I don't have a use case, but my first reaction would be that ISBNs should dereference to the national library for the jurisdiction where the publication was published (or where the publisher is located). But maybe I'm biased since I work in a national library...

agbeltran · 2018-02-20T21:29:15Z

Also relevant to this discussion is the schema.org discussion on identifiers and the sdo:identifier term.

smrgeoinfo · 2018-11-14T23:57:58Z

after a review of the discussion, it looks like there are two proposals:
ADMS kind of approach-- identifiers have a datatype like skos:notation, i.e. typed literal, and the value for the typed literal is the identifier type. e.g.
dcat:identifier "978-3-16-148410-0"^^https://www.iso.org/standard/36563.html
Its not clear to me how ADMS would serialize the other properties (version and managing authority)
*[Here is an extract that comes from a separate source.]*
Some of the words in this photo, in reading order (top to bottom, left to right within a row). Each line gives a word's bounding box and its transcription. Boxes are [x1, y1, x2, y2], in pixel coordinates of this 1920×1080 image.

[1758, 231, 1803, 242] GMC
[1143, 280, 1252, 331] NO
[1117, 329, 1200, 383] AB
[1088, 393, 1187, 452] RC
schema.org, ISO19115, DATS approach-- make identifier an object/class with a code property (the identifier string), a scheme property, maybe an authority property.

Personally I think the second approach is more transparent and widely used.
Schema.org implements the identifier as a PropertyValue, which obfuscates things;
DATS uses 'identifier' and 'identifierSource' as the property names;
ISO19115-1 uses 'code', 'codespace', and 'version', with a citation for the 'authority'
DataCite has 'identifier' and 'identifierType'

proposal:
class: dcat:identifier
Properties:
dcat:code -- the identifier string; for a well formed URI this would be all that's necessary
dcat:identifierType -- literal or URI
dcat:version -- literal
authority -- foaf:organization

makxdekkers · 2018-11-15T10:27:25Z

@smrgeoinfo ADMS also makes the identifier a class, namely adms:Identifier.
The spec at https://www.w3.org/TR/vocab-adms/#identifier indeed does not provide a full recommendation on how to express the other properties of the Identifier, but I would suggest:

the identifier string in skos:notation
the identifier scheme in skos:inScheme
the version in owl:versionInfo
the agency in dct:creator or dct:publisher

I would not be in favour of defining a dcat:Identifier class alongside the adms:Identifier class that basically does the same thing.
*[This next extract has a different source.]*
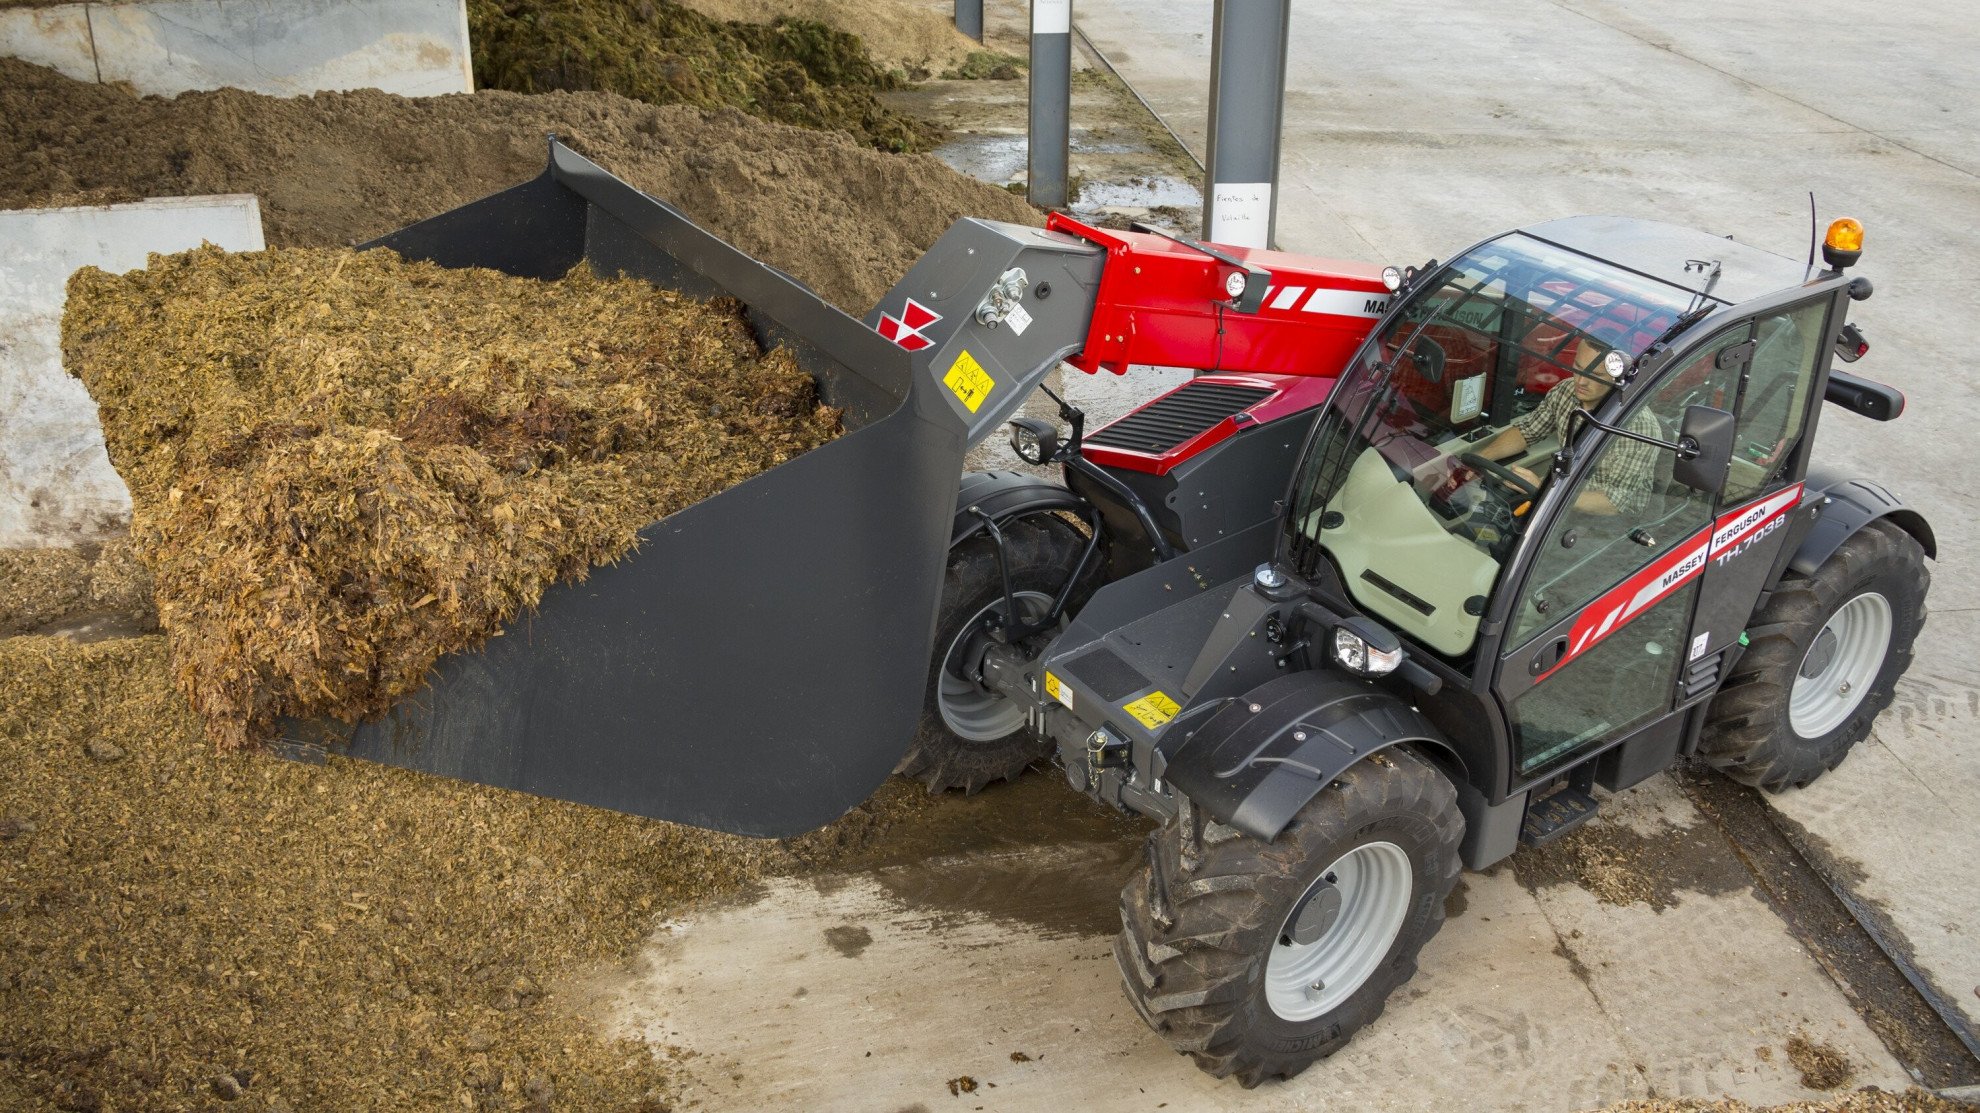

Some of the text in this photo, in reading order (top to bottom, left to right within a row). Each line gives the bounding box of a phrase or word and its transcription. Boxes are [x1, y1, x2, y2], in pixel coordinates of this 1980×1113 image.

[1662, 506, 1767, 588] MASSEY FERGUSON
[1716, 513, 1786, 567] TH.7038
riccardoAlbertoni · 2018-11-15T13:30:27Z

adms:identifier is already adopted in some DCAT application profiles, so I second the idea of using it rather than introducing new terms, at least as a first attempt.

As part of the action 259 which has been assigned to me in the last week dcat call, I have drafted the following wiki page, DCAT-Identifiers.
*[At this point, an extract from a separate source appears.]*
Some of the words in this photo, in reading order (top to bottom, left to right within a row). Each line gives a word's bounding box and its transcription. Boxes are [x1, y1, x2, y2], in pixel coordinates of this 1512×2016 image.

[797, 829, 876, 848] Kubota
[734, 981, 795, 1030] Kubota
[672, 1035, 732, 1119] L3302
In such a page, I have tried to set up a proposal based on existing adms:identifier examples.

The page is still in progress, I certainly need to update it with the latest @makxdekkers suggestions. Though it is not yet complete, and corrections might be needed, I guess it can help the discussion.

smrgeoinfo · 2018-11-15T16:14:11Z

@riccardoAlbertoni thanks, that wiki page is helpful. A couple comments:
in the Representing HTTP dereferenceable secondary identifier section, there seems to be an assumption that the ^^xsd:anyURI type implies that the literal is an HTTP URI, but the data type allows any valid RFC-3986 URI (e.g. urn:), and these might not be dereferenceable.

Also, in the example, with a doi:

 skos:notation  "10.1109/5.771073"^^dcat:doi  ;
 adms:schemeAgency "International DOI Foundation" .

I would suggest that the issuing authority of interest should be the registrant for the 10.1109 doi space, "IEEE Xplore Digital Library", perhaps this should be added as a dct:creator. There are two concerns-- the authority that defined the identifier scheme (DOI foundation), and the authority responsible for assigning and maintaining identifiers using that scheme (IEEE).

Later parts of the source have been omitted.